Exercise goal
Pictures aside, the output must consist of the lines from the one containing "this 1600×1062 image." through the end of the data, reproduced exactly.

Record excerpts
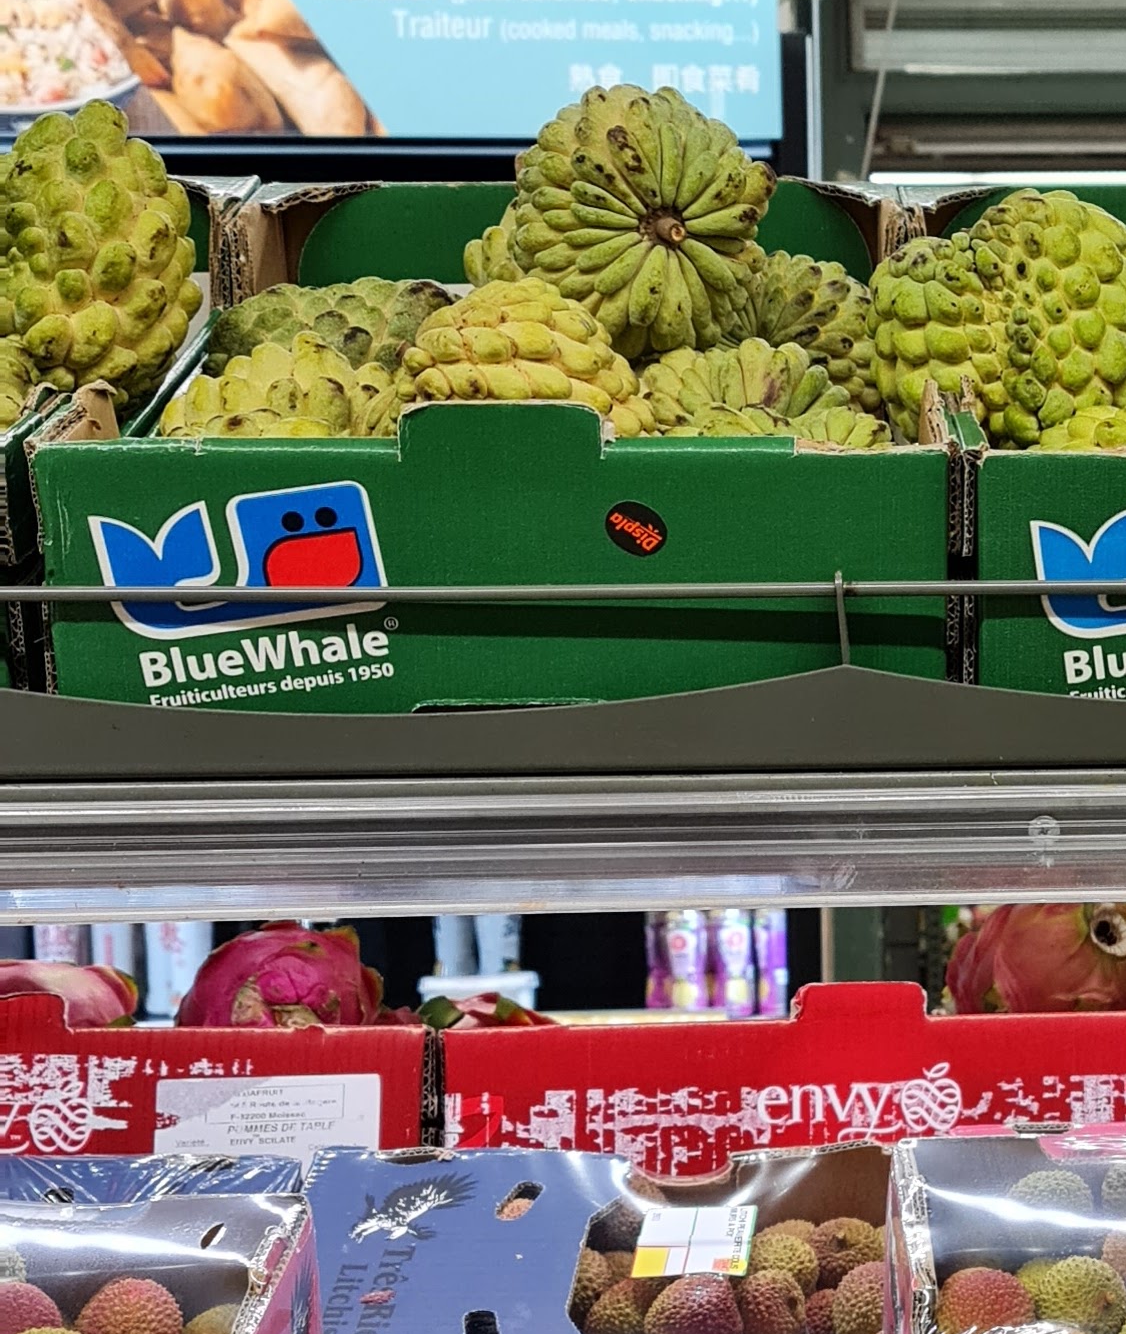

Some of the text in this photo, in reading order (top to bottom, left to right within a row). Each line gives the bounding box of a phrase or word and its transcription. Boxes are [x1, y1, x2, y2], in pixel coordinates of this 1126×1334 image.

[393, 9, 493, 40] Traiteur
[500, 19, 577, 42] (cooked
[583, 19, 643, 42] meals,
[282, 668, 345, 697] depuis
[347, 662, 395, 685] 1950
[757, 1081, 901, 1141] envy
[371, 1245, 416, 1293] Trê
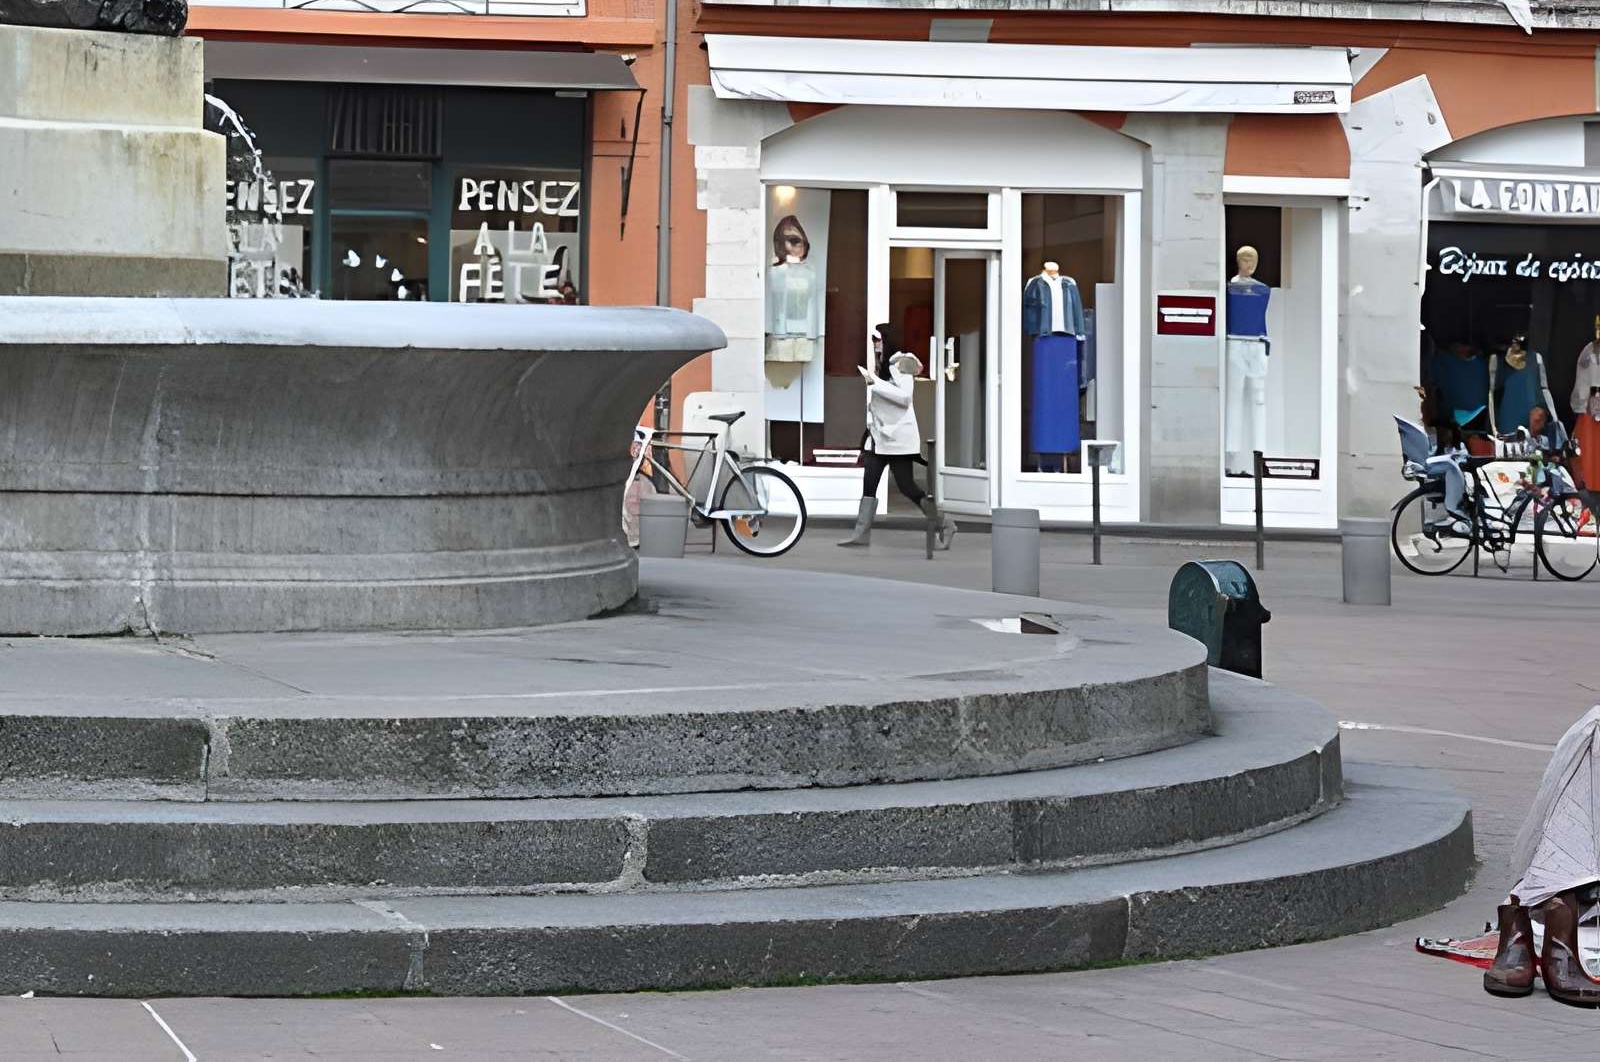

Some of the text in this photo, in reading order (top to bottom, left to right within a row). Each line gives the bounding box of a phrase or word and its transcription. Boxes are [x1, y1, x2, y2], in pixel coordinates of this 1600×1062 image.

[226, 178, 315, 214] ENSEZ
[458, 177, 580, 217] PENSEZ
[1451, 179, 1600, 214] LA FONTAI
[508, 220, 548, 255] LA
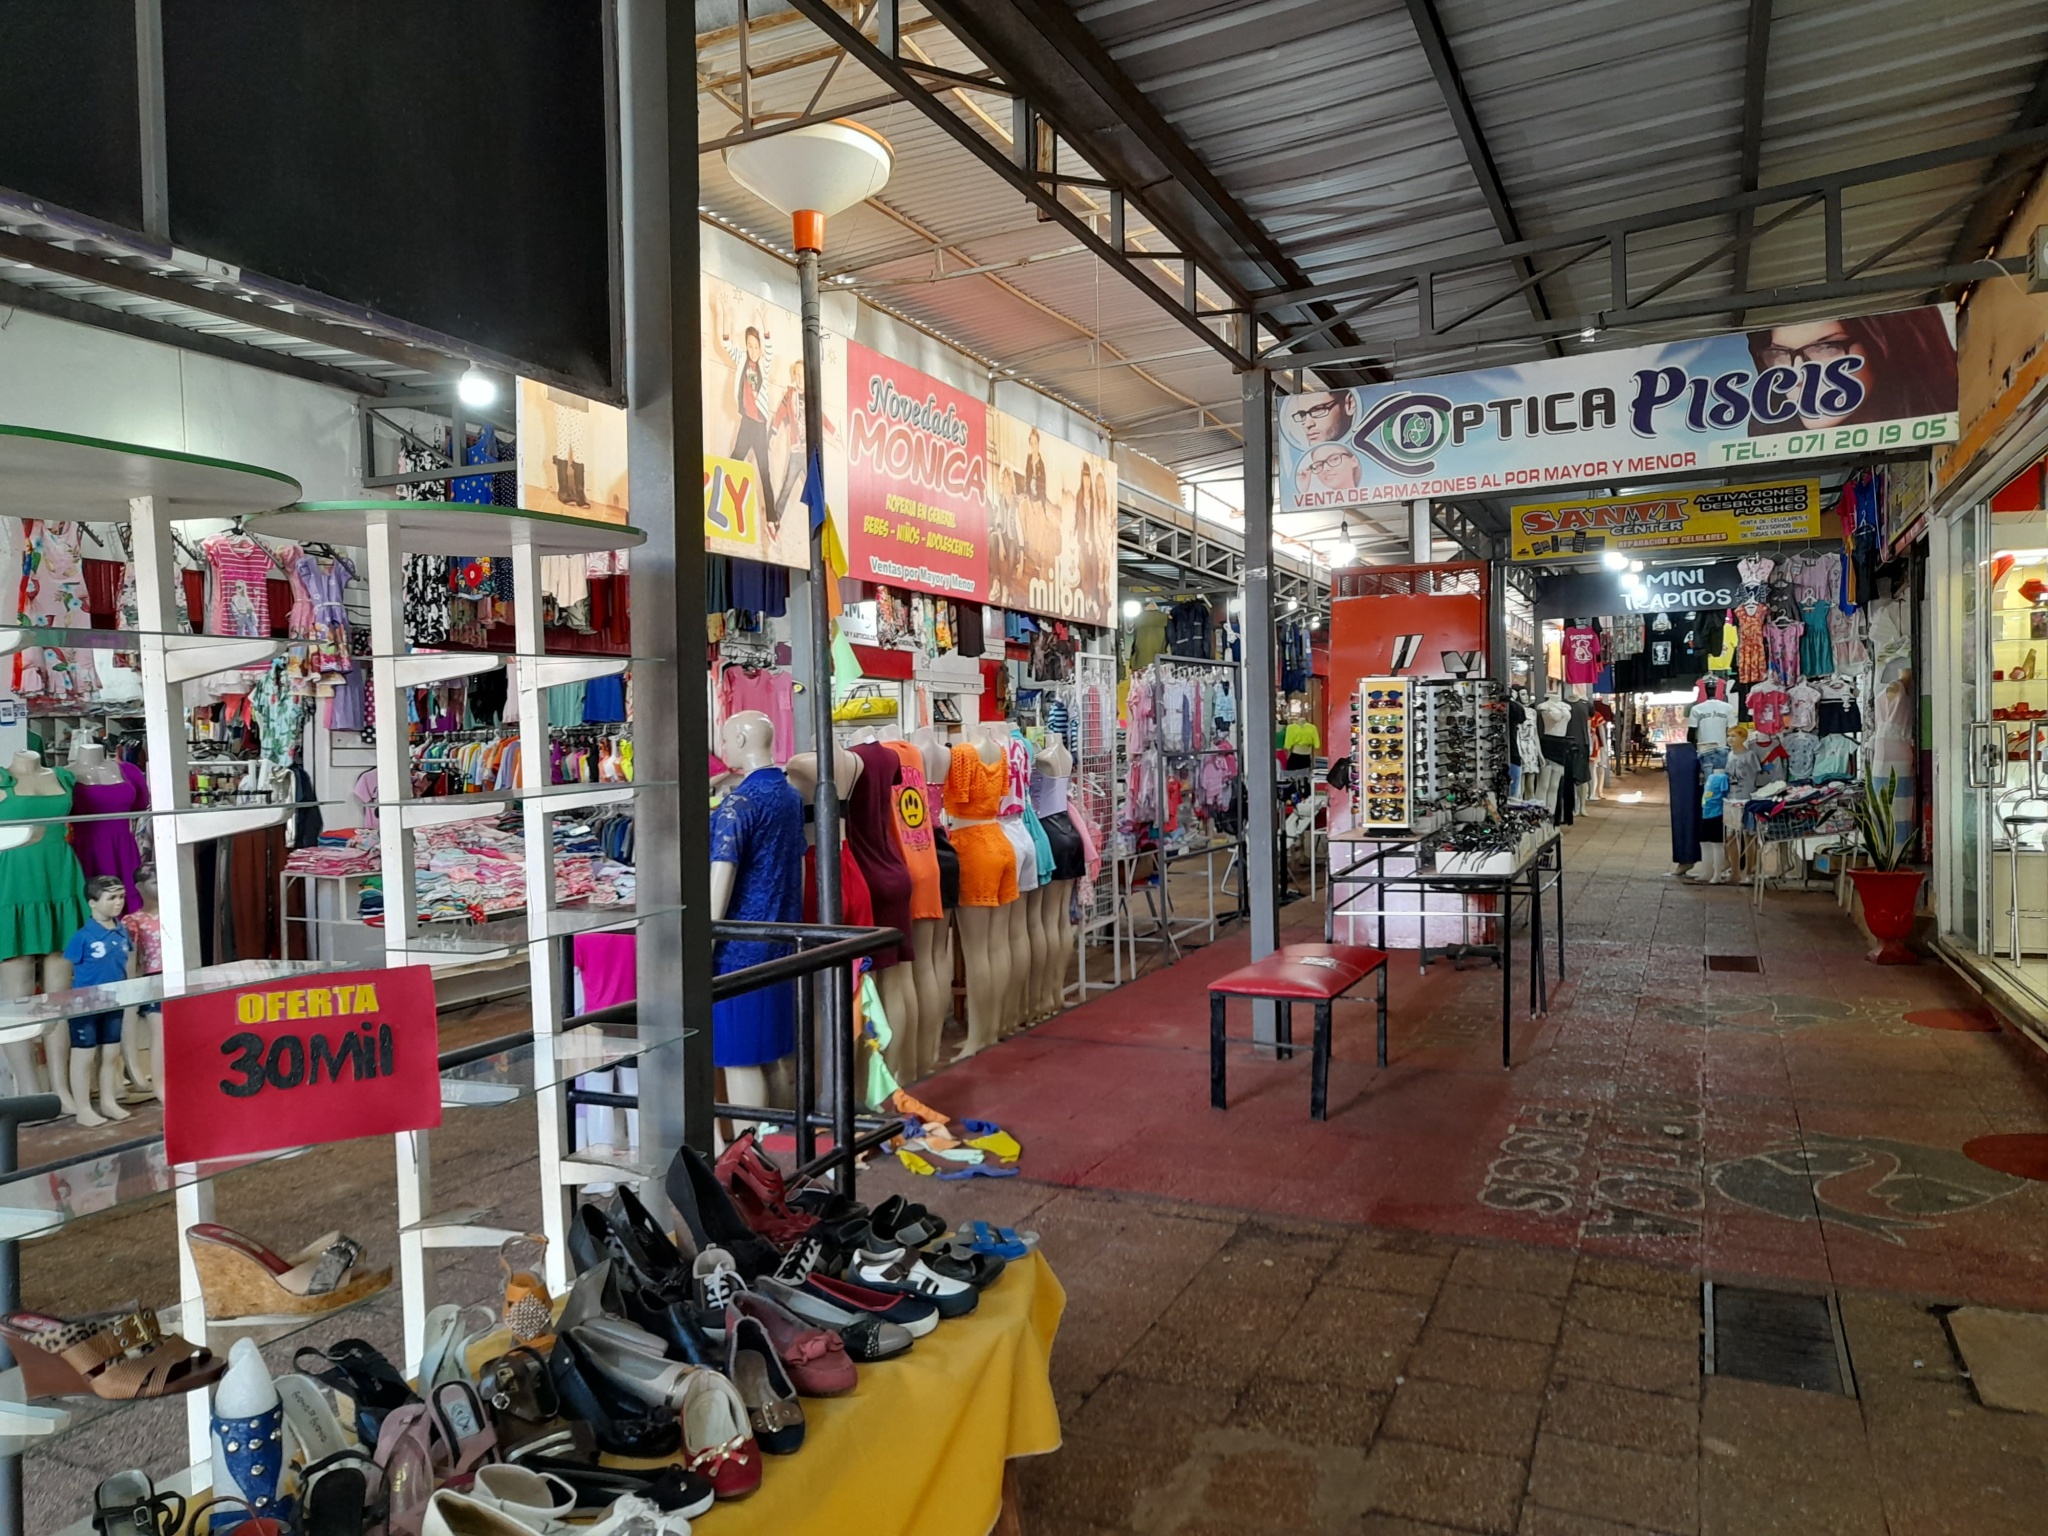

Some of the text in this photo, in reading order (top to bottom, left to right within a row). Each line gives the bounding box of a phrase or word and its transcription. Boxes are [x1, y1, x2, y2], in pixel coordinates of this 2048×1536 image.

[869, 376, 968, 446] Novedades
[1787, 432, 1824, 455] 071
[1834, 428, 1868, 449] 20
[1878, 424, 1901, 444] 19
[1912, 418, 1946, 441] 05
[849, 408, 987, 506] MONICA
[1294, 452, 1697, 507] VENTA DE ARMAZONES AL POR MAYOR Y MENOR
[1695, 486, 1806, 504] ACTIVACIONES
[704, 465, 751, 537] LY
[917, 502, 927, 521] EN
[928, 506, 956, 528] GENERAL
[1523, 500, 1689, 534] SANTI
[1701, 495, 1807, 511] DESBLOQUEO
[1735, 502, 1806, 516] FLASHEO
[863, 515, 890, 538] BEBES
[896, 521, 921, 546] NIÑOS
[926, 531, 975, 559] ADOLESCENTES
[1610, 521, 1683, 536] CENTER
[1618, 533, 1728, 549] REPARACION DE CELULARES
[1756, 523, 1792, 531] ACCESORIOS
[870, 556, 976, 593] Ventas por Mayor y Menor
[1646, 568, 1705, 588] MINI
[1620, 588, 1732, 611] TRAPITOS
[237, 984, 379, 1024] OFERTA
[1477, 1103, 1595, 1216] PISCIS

Exercise response
Some of the text in this photo, in reading order (top to bottom, left to right within a row). Each line gives the bounding box of a phrase or word and its transcription. Boxes are [x1, y1, x2, y2], in pixel coordinates of this 1600×1062 image.

[226, 178, 315, 214] ENSEZ
[458, 177, 580, 217] PENSEZ
[1451, 179, 1600, 214] LA FONTAI
[508, 220, 548, 255] LA

Some of the text in this photo, in reading order (top to bottom, left to right within a row). Each line gives the bounding box of a phrase or word and its transcription. Boxes are [x1, y1, x2, y2], in pixel coordinates of this 2048×1536 image.

[869, 376, 968, 446] Novedades
[1787, 432, 1824, 455] 071
[1834, 428, 1868, 449] 20
[1878, 424, 1901, 444] 19
[1912, 418, 1946, 441] 05
[849, 408, 987, 506] MONICA
[1294, 452, 1697, 507] VENTA DE ARMAZONES AL POR MAYOR Y MENOR
[1695, 486, 1806, 504] ACTIVACIONES
[704, 465, 751, 537] LY
[917, 502, 927, 521] EN
[928, 506, 956, 528] GENERAL
[1523, 500, 1689, 534] SANTI
[1701, 495, 1807, 511] DESBLOQUEO
[1735, 502, 1806, 516] FLASHEO
[863, 515, 890, 538] BEBES
[896, 521, 921, 546] NIÑOS
[926, 531, 975, 559] ADOLESCENTES
[1610, 521, 1683, 536] CENTER
[1618, 533, 1728, 549] REPARACION DE CELULARES
[1756, 523, 1792, 531] ACCESORIOS
[870, 556, 976, 593] Ventas por Mayor y Menor
[1646, 568, 1705, 588] MINI
[1620, 588, 1732, 611] TRAPITOS
[237, 984, 379, 1024] OFERTA
[1477, 1103, 1595, 1216] PISCIS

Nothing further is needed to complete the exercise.